Most LLMs come with various configuration options that control the LLM’s output. Effective Prompt Engineering requires setting these configurations optimally for your task.

Output length

An important configuration setting is the number of tokens to generate in a response. Generating more tokens requires more computation from the LLM, leading to higher energy consumption, potentially slower response times, and higher costs.

Reducing the output length of the LLM doesn’t cause the LLM to become more stylistically or textually succinct in the output it creates, it just causes the LLM to stop predicting more tokens once the limit is reached. If your needs require a short output length, you’ll also possibly need to engineer your prompt to accommodate.

Tip

Output length restriction is especially important for some LLM prompting techniques, like ReAct, where the LLM will keep emitting useless tokens after the response you want.

Sampling controls

LLMs do not formally predict a single token. Rather, LLMs predict probabilities for what the next token could be, with each token in the LLM’s vocabulary getting a probability. Those token probabilities are then sampled to determine what the next produced token will be. Temperature, top-K, and top-P are the most common configuration settings that determine how predicted token probabilities are processed to choose a single output token.

Temperature

Temperature controls the degree of randomness in token selection. Lower temperatures are good for prompts that expect a more deterministic response, while higher temperatures can lead to more diverse or unexpected results. A temperature of 0 (greedy decoding) is deterministic: the highest probability token is always selected , while higher temperature introduce randomness

Ties

If two tokens have the same highest predicted probability, depending on how tiebreaking is implemented you may not always get the same output with temperature 0).

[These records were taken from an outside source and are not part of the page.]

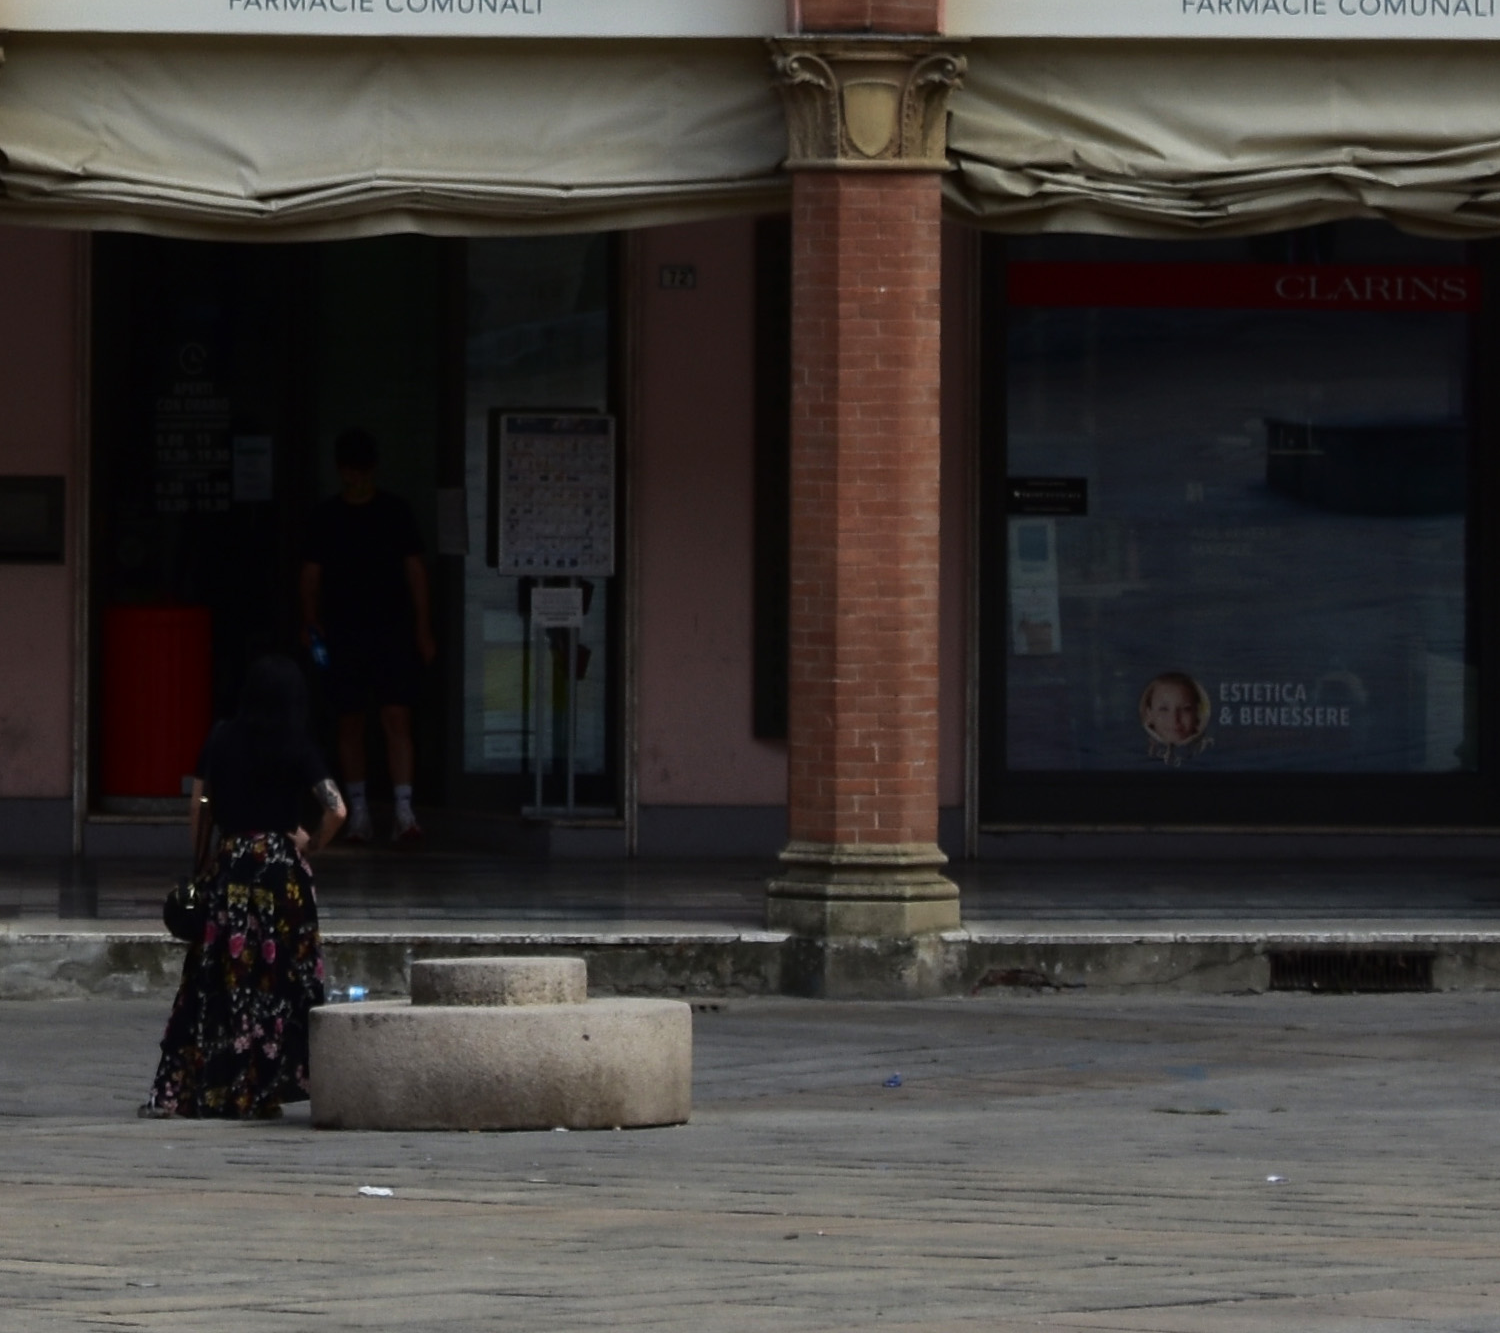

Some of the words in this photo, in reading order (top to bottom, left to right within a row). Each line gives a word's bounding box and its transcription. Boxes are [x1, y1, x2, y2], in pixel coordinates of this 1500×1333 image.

[1275, 276, 1468, 302] CLARINS
[1220, 682, 1306, 702] ESTETICA
[1219, 707, 1232, 725] &
[1240, 706, 1350, 726] BENESSERE
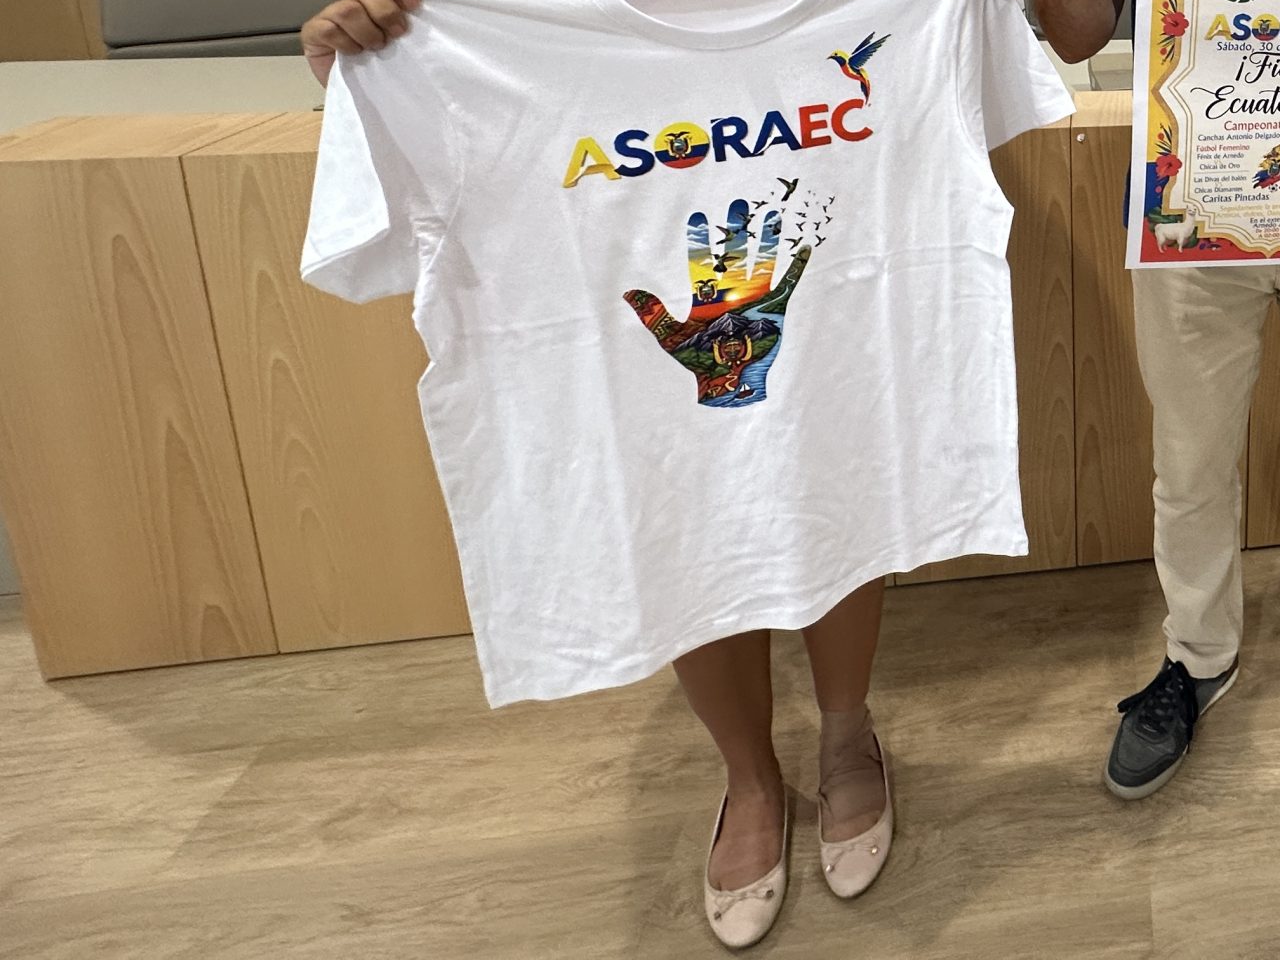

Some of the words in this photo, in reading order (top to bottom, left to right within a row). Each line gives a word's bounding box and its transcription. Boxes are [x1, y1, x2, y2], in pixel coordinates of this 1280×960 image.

[1217, 42, 1255, 52] Sábado,
[1259, 42, 1273, 51] 30
[562, 98, 873, 188] ASORAEC
[1202, 195, 1231, 203] Caritas
[1235, 193, 1269, 201] Pintadas

The Gemini temperature control can be understood in a similar way to the softmax function used in machine learning:

  • a low temperature setting mirrors a low softmax temperature (T), emphasizing a single, preferred temperature with high certainty
  • an higher Gemini temperature setting is like a high softmax temperature, making a wider range of temperatures around the selected setting more acceptable.

This increased uncertainty accommodates scenarios where a rigid, precise temperature may not be essential like for example when experimenting with creative outputs.

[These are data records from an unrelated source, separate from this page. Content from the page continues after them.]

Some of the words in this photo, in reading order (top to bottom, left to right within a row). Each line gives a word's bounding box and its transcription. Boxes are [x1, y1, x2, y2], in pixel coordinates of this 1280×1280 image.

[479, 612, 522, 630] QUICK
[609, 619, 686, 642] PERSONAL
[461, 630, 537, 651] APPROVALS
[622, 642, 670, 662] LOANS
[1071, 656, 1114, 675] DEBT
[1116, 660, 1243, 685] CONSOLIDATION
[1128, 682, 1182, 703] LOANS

Nucleus sampling (Top-K and top-P)

Top-K and top-P are two sampling settings used in LLMs to restrict the predicted next token to come from tokens with the top predicted probabilities.

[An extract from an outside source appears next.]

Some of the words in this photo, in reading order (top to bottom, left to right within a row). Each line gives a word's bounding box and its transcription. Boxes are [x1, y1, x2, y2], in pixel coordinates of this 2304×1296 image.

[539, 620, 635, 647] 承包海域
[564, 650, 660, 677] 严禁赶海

Like temperature, these sampling settings control the randomness and diversity of generated text: • Top-K sampling selects the top K most likely tokens from the model’s predicted distribution. The higher top-K, the more creative and varied the model’s output; the lower top-K, the more restive and factual the model’s output. A top-K of 1 is equivalent to greedy decoding. • Top-P sampling selects the top tokens whose cumulative probability does not exceed a certain value (P). Values for P range from 0 (greedy decoding) to 1 (all tokens in the LLM’s vocabulary). The best way to choose between top-K and top-P is to experiment with both methods (or both together) and see which one produces the results you are looking for.

Extreme setttings

At extreme settings of one sampling configuration value, that one sampling setting either cancels out other configuration settings or becomes irrelevant. • If you set temperature to 0, top-K and top-P become irrelevant–the most probable token becomes the next token predicted. If you set temperature extremely high (above 1–generally into the 10s), temperature becomes irrelevant and whatever tokens make it through the top-K and/or top-P criteria are then randomly sampled to choose a next predicted token. • If you set top-K to 1, temperature and top-P become irrelevant. Only one token passes the top-K criteria, and that token is the next predicted token. If you set top-K extremely high, like to the size of the LLM’s vocabulary, any token with a nonzero probability of being the next token will meet the top-K criteria and none are selected out. • If you set top-P to 0 (or a very small value), most LLM sampling implementations will then only consider the most probable token to meet the top-P criteria, making temperature and top-K irrelevant. If you set top-P to 1, any token with a nonzero probability of being the next token will meet the top-P criteria, and none are selected out.

Typical values

The following are typical values used in LLM:

  • A a temperature of .2, top-P of .95, and top-K of 30 will give you relatively coherent results that can be creative but not excessively so.
  • If you want especially creative results, try starting with a temperature of .9, top-P of .99, and top-K of 40.
  • if you want less creative results, try starting with a temperature of .1, top-P of .9, and top-K of 20.
  • if your task always has a single correct answer (e.g., answering a math problem), start with a temperature of 0.